The unprecedented circumstances of the war on the Western Front, a landscape contaminated with respiratory irritants such as chlorine and phosgene gas, characterised by unsanitary living conditions, stress, overcrowding, and the partial starvation of civilians – provided the perfect opportunity for rapid transmission of influenza between young servicemen and women. The coming and going of people from all over the world provided the opportunity for the disease to spread beyond the base camps and hospitals of the troops.
 
. . . The most "popular" theory for this was it started in the USA (Kansas specifically) as a an ordinary flu, went to Europe where some further mutation occurred making it the killer it was. It was called "Spanish" because Spain, as a neutral, did not have the sorts of censorship the warfighters had, . . .

just to add on a little about virus reproduction, and flu being an RNA virus:

The Great Influenza, John Barry, 2004, 2005, pages 105-106.
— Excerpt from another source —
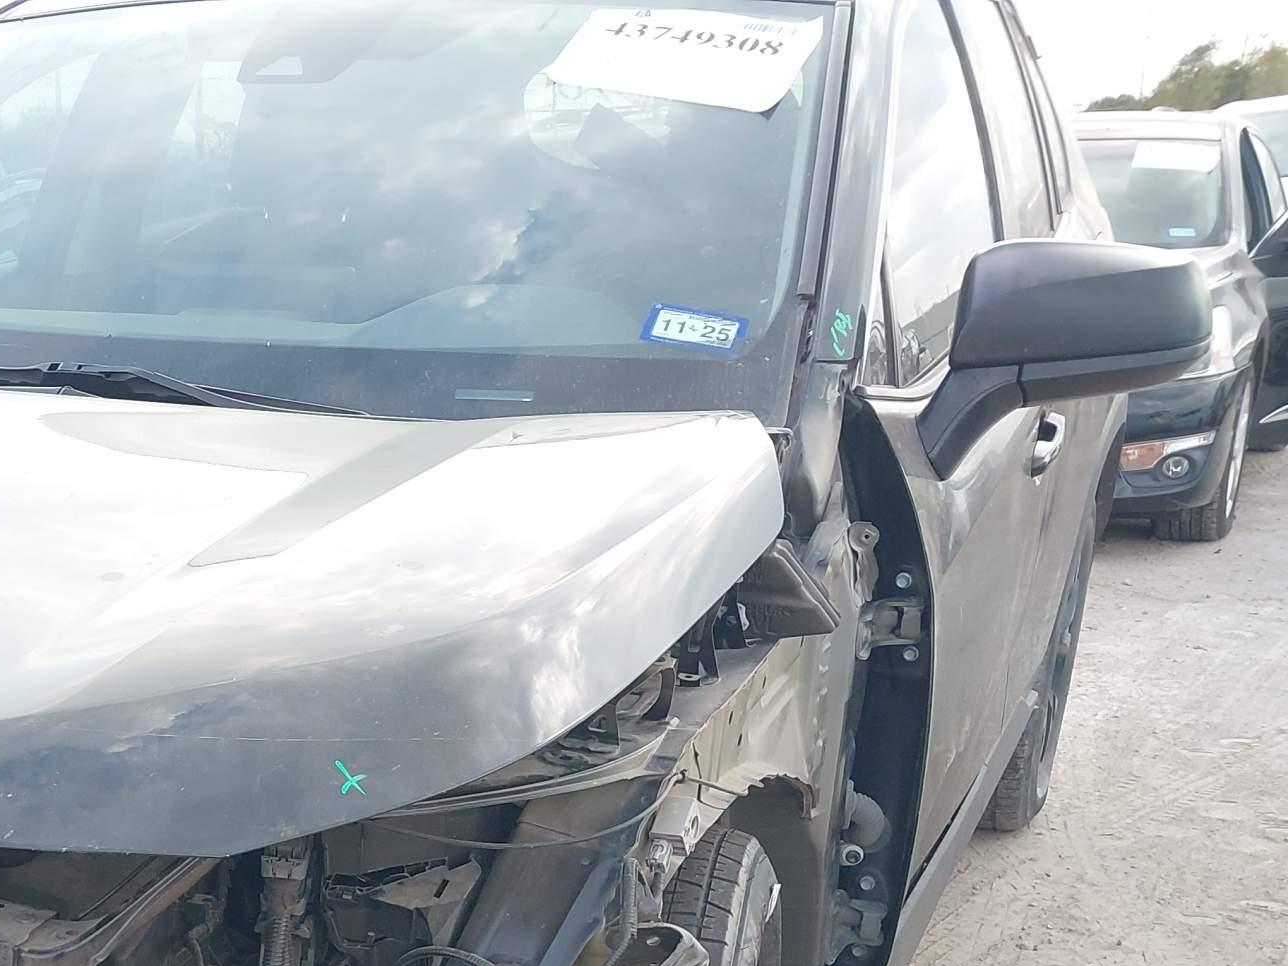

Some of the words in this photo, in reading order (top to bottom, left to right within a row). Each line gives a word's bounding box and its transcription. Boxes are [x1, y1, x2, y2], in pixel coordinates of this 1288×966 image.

https://books.google.com/books?id=B...new viruses that burst out of a cell”&f=false

“The influenza virus mutates so fast that 99 percent of the 100,000 to 1 million new viruses that burst out of a cell in the reproduction process are too defective to infect another cell and reproduce again. But that still leaves between 1,000 and 10,000 viruses that can infect another cell.”
If one variant of flu makes a person really sick so much that they stay in their home trying to recuperate and recover, and another variant makes a person moderately sick so that they’re out trying to do their normal activities as part of the walking wounded, well, which one is going to spread more readily?

In this way, most viruses tend to become more mild over time. Of course, there are abundant exceptions.

* please remember, once a virus gets rolling, it reproduces by hijacking a cell’s machinery. Of course, the body has its defenses so it’s a real battle, with at first the virus having the upper hand and then later the body having the upper hand.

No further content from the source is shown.